• Brief: For this exercise, transcribe all the entries exactly as given and omit the images.
*** Opening of Exercise inputs ***
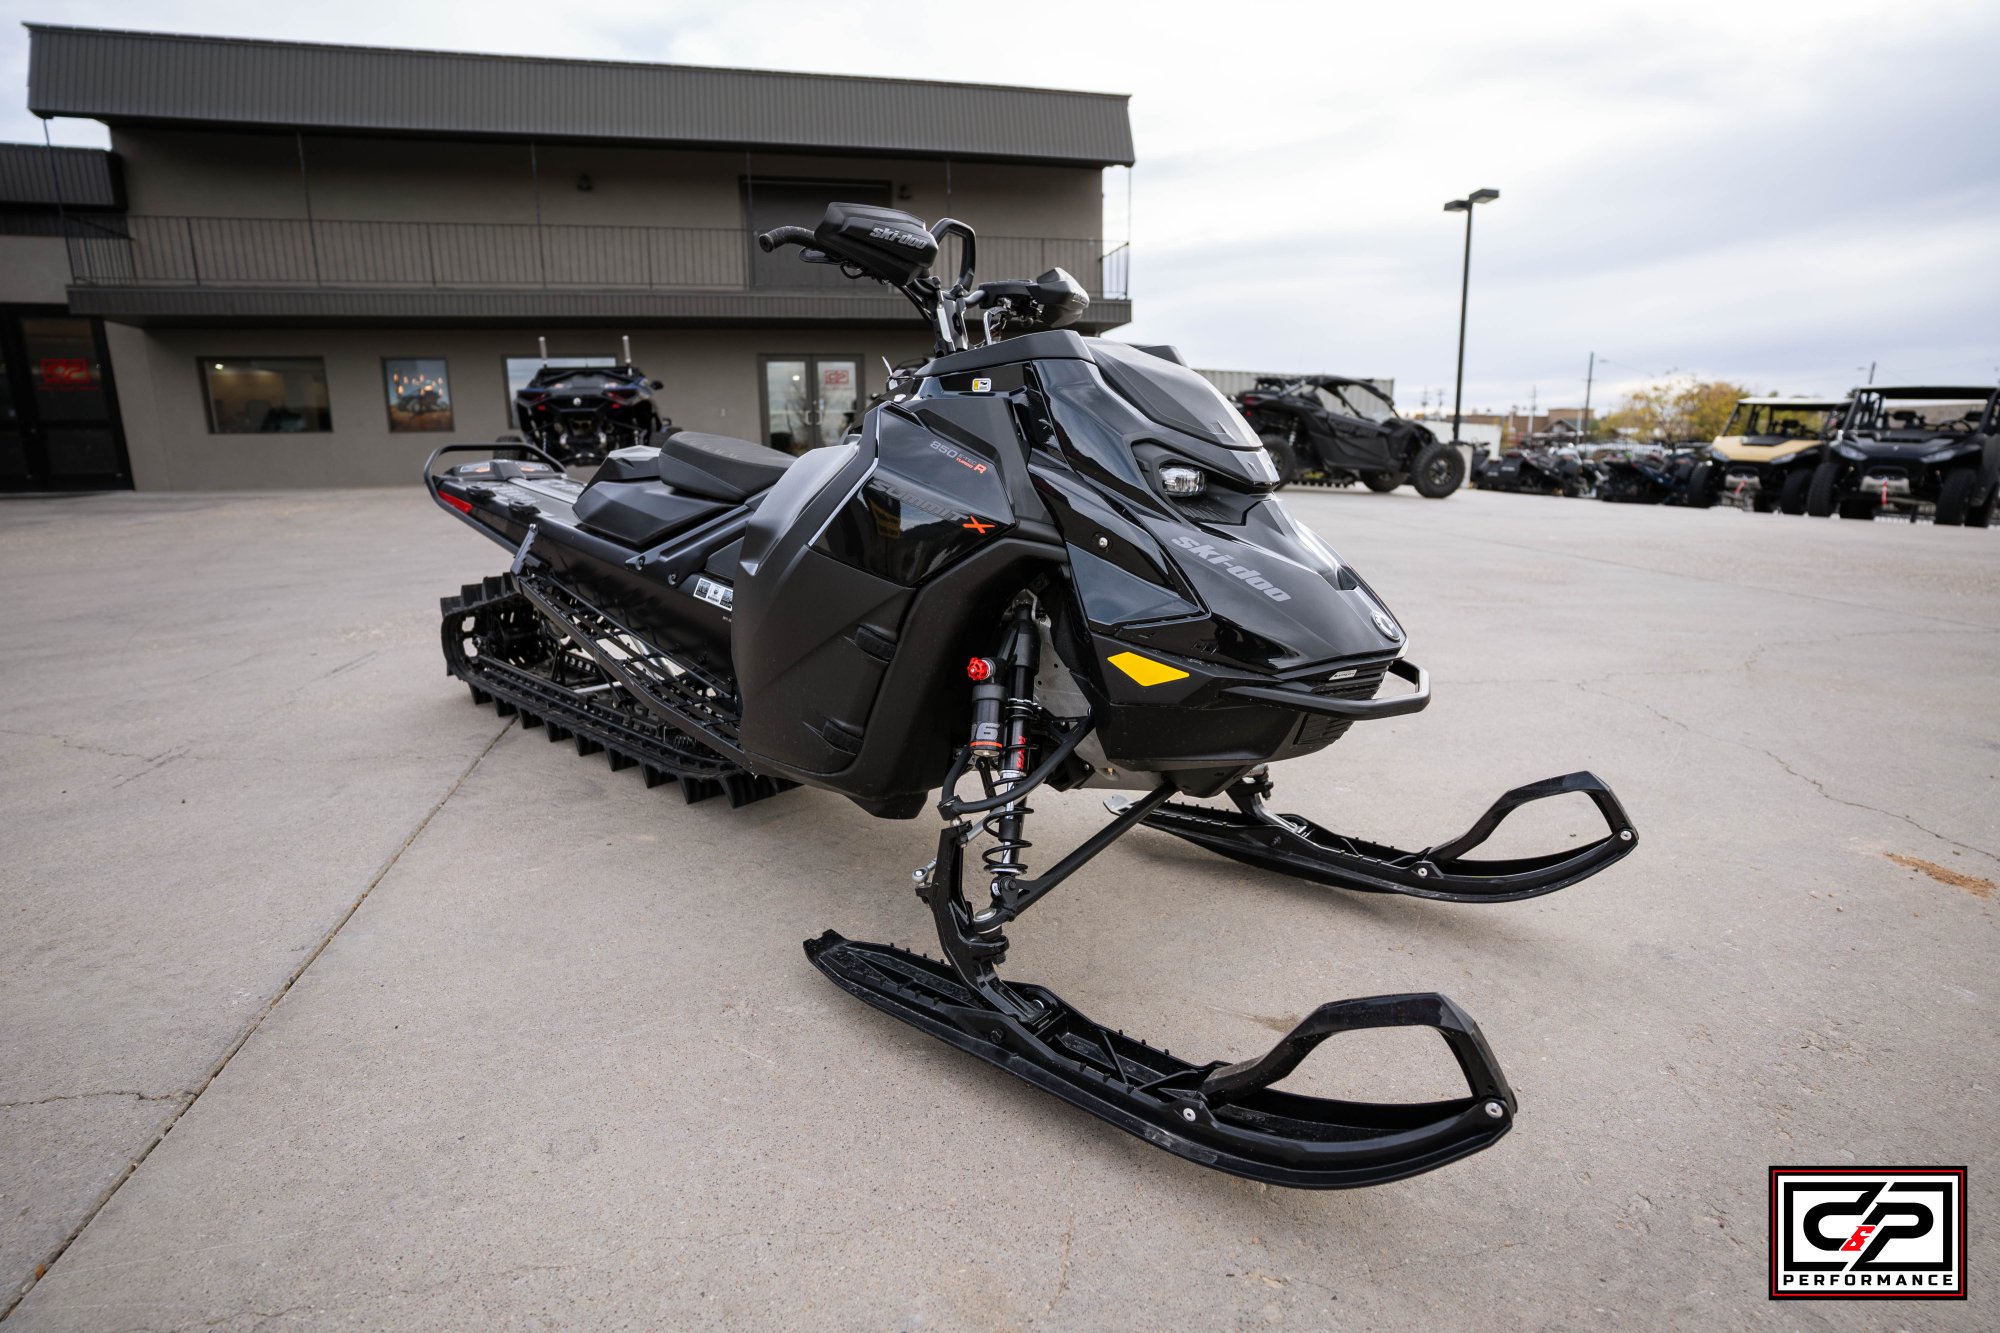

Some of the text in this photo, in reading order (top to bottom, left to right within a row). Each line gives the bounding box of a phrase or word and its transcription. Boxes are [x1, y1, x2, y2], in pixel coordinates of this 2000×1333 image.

[930, 440, 958, 459] 850
[973, 463, 988, 474] R
[962, 515, 996, 534] X
[1171, 536, 1292, 602] ski-doo
*** Close of Exercise inputs ***
• Expected output:
Some of the text in this photo, in reading order (top to bottom, left to right within a row). Each line gives the bounding box of a phrase or word and its transcription. Boxes are [x1, y1, x2, y2], in pixel coordinates of this 2000×1333 image.

[930, 440, 958, 459] 850
[973, 463, 988, 474] R
[962, 515, 996, 534] X
[1171, 536, 1292, 602] ski-doo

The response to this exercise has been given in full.